🤖 AI Summary
This study addresses the challenge of predicting voxel-wise BOLD signal dynamics in human resting-state fMRI 7.2 seconds into the future, using only 23.04 seconds of raw time-series data. We propose the first whole-brain, voxel-level 4D Shifted Window Transformer (4D Swin Transformer), which directly models spatiotemporal dependencies across all four dimensions (x, y, z, t) without spatial downsampling, regional parcellation, or functional aggregation. The architecture comprises a 4D Swin encoder and a lightweight convolutional decoder, trained and validated on resting-state fMRI data (REST1) from 100 unrelated subjects in the Human Connectome Project. Results demonstrate that predicted signals faithfully reproduce ground-truth BOLD contrast and inter-voxel dynamic coupling patterns, achieving high-fidelity spatiotemporal reconstruction at the native 1.6 mm³ isotropic resolution.
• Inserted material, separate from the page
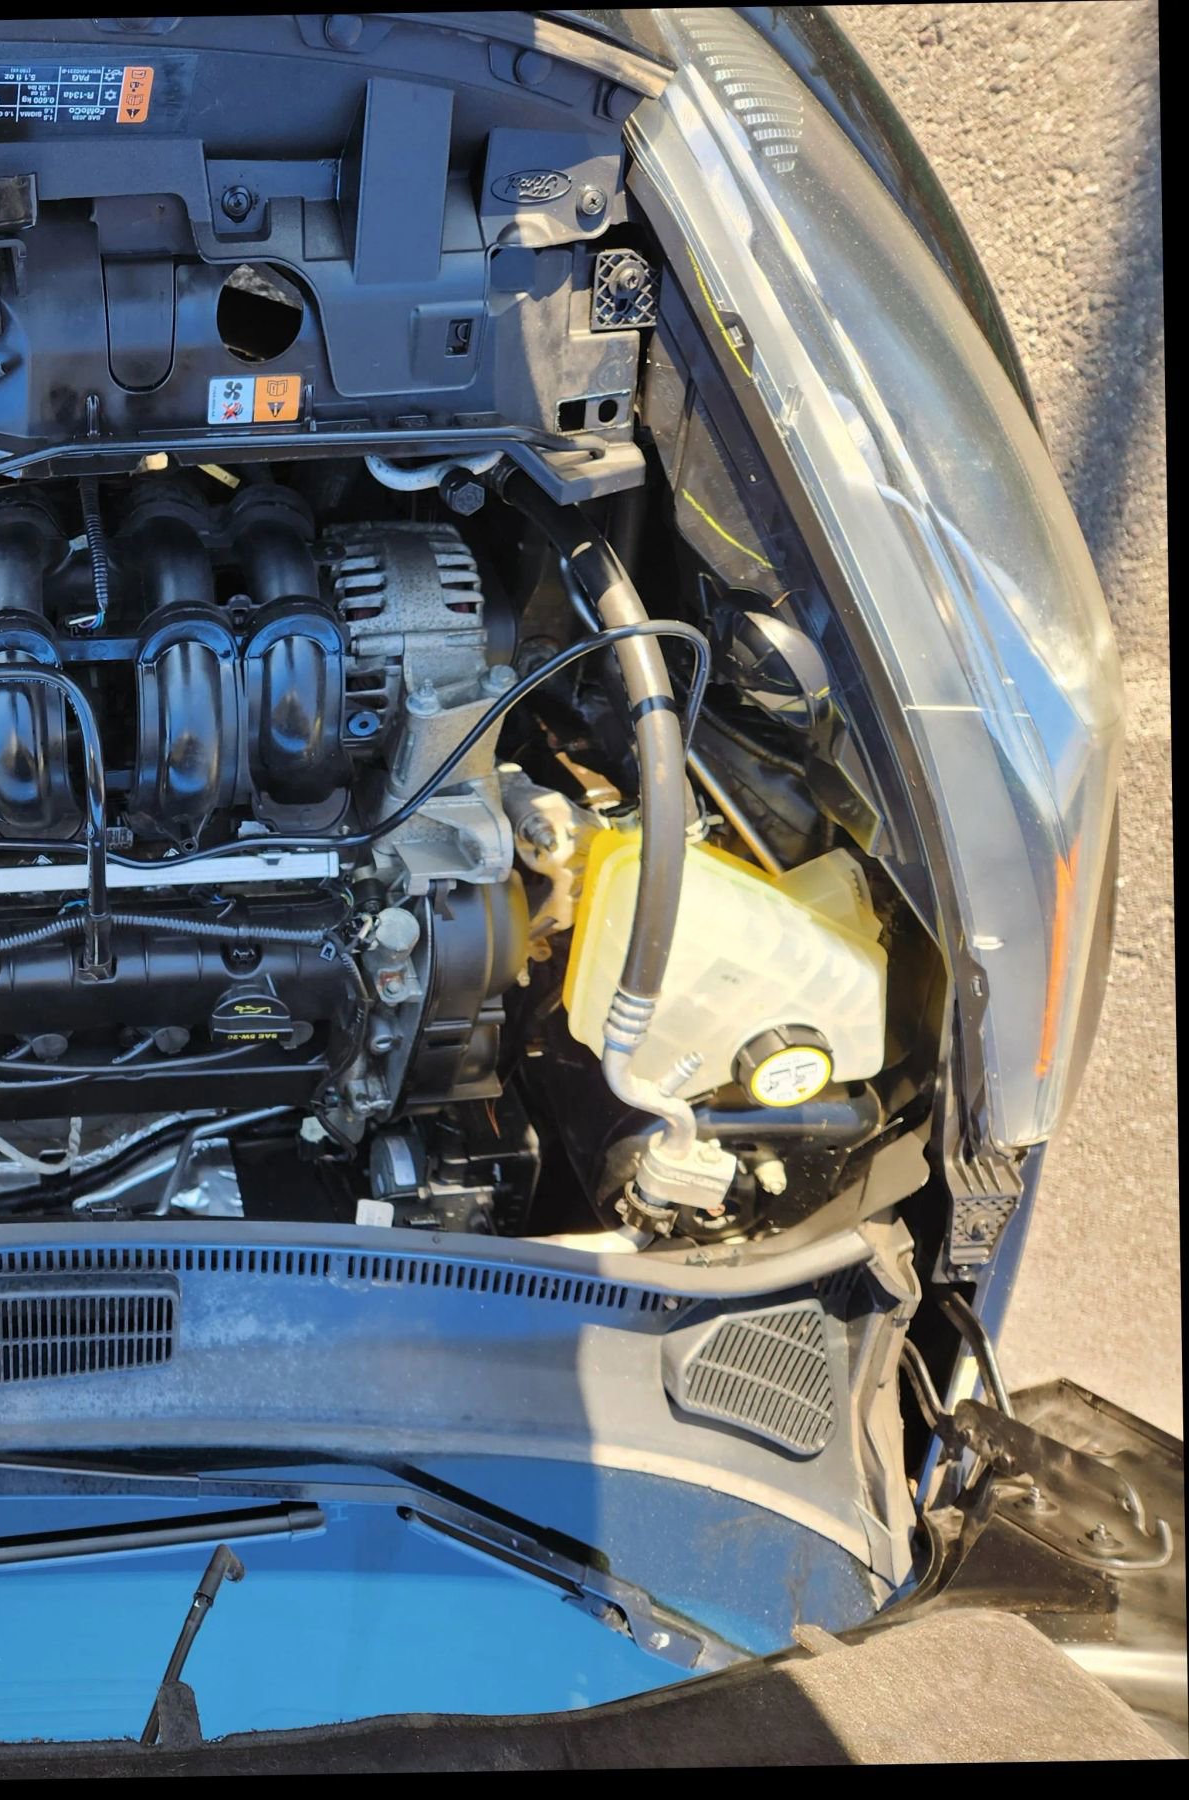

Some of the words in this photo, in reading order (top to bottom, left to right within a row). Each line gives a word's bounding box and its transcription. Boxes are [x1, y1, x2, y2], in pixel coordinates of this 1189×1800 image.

This work establishes a novel paradigm for accelerating fMRI acquisition, enabling real-time dynamic brain–computer interfaces, and probing intrinsic neurodynamics.
📝 Abstract
Understanding brain dynamics is important for neuroscience and mental health. Functional magnetic resonance imaging (fMRI) enables the measurement of neural activities through blood-oxygen-level-dependent (BOLD) signals, which represent brain states. In this study, we aim to predict future human resting brain states with fMRI. Due to the 3D voxel-wise spatial organization and temporal dependencies of the fMRI data, we propose a novel architecture which employs a 4D Shifted Window (Swin) Transformer as encoder to efficiently learn spatio-temporal information and a convolutional decoder to enable brain state prediction at the same spatial and temporal resolution as the input fMRI data. We used 100 unrelated subjects from the Human Connectome Project (HCP) for model training and testing. Our novel model has shown high accuracy when predicting 7.2s resting-state brain activities based on the prior 23.04s fMRI time series. The predicted brain states highly resemble BOLD contrast and dynamics. This work shows promising evidence that the spatiotemporal organization of the human brain can be learned by a Swin Transformer model, at high resolution, which provides a potential for reducing the fMRI scan time and the development of brain-computer interfaces in the future.